### Dataset records

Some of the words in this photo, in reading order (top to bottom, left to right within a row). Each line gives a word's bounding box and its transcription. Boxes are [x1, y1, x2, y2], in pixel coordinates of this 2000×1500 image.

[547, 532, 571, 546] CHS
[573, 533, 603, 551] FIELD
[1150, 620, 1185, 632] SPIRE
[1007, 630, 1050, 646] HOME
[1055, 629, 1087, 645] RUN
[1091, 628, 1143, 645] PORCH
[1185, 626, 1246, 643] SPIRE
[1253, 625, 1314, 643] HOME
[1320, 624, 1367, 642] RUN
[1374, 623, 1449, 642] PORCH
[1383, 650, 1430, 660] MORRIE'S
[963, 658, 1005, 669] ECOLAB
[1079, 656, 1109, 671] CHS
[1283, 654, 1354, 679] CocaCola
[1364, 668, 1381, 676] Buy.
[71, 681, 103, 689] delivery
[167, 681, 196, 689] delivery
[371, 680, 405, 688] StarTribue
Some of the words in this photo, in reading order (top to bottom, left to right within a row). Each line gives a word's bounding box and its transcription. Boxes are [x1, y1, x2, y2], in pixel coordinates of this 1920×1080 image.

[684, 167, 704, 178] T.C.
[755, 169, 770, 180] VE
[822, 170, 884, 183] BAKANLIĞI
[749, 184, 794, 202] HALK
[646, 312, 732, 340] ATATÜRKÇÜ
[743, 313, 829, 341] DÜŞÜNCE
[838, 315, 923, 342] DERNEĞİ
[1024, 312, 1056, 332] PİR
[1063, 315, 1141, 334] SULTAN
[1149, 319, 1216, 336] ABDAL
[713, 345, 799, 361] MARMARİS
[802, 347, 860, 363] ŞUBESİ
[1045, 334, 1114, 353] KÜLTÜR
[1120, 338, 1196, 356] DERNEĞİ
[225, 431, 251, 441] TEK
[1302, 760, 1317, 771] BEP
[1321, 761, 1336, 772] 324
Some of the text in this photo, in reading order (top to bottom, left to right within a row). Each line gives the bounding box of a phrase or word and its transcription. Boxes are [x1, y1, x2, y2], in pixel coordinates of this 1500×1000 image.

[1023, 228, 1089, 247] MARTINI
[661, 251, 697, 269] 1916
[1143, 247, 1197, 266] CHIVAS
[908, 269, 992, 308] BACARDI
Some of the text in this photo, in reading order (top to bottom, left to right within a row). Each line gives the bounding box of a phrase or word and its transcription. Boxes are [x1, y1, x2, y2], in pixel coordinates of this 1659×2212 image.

### Task to complete
When you answer, return the records above exactly as they stand.

### Result below
Some of the words in this photo, in reading order (top to bottom, left to right within a row). Each line gives a word's bounding box and its transcription. Boxes are [x1, y1, x2, y2], in pixel coordinates of this 2000×1500 image.

[547, 532, 571, 546] CHS
[573, 533, 603, 551] FIELD
[1150, 620, 1185, 632] SPIRE
[1007, 630, 1050, 646] HOME
[1055, 629, 1087, 645] RUN
[1091, 628, 1143, 645] PORCH
[1185, 626, 1246, 643] SPIRE
[1253, 625, 1314, 643] HOME
[1320, 624, 1367, 642] RUN
[1374, 623, 1449, 642] PORCH
[1383, 650, 1430, 660] MORRIE'S
[963, 658, 1005, 669] ECOLAB
[1079, 656, 1109, 671] CHS
[1283, 654, 1354, 679] CocaCola
[1364, 668, 1381, 676] Buy.
[71, 681, 103, 689] delivery
[167, 681, 196, 689] delivery
[371, 680, 405, 688] StarTribue
Some of the words in this photo, in reading order (top to bottom, left to right within a row). Each line gives a word's bounding box and its transcription. Boxes are [x1, y1, x2, y2], in pixel coordinates of this 1920×1080 image.

[684, 167, 704, 178] T.C.
[755, 169, 770, 180] VE
[822, 170, 884, 183] BAKANLIĞI
[749, 184, 794, 202] HALK
[646, 312, 732, 340] ATATÜRKÇÜ
[743, 313, 829, 341] DÜŞÜNCE
[838, 315, 923, 342] DERNEĞİ
[1024, 312, 1056, 332] PİR
[1063, 315, 1141, 334] SULTAN
[1149, 319, 1216, 336] ABDAL
[713, 345, 799, 361] MARMARİS
[802, 347, 860, 363] ŞUBESİ
[1045, 334, 1114, 353] KÜLTÜR
[1120, 338, 1196, 356] DERNEĞİ
[225, 431, 251, 441] TEK
[1302, 760, 1317, 771] BEP
[1321, 761, 1336, 772] 324
Some of the text in this photo, in reading order (top to bottom, left to right within a row). Each line gives the bounding box of a phrase or word and its transcription. Boxes are [x1, y1, x2, y2], in pixel coordinates of this 1500×1000 image.

[1023, 228, 1089, 247] MARTINI
[661, 251, 697, 269] 1916
[1143, 247, 1197, 266] CHIVAS
[908, 269, 992, 308] BACARDI
Some of the text in this photo, in reading order (top to bottom, left to right within a row). Each line gives the bounding box of a phrase or word and its transcription. Boxes are [x1, y1, x2, y2], in pixel coordinates of this 1659×2212 image.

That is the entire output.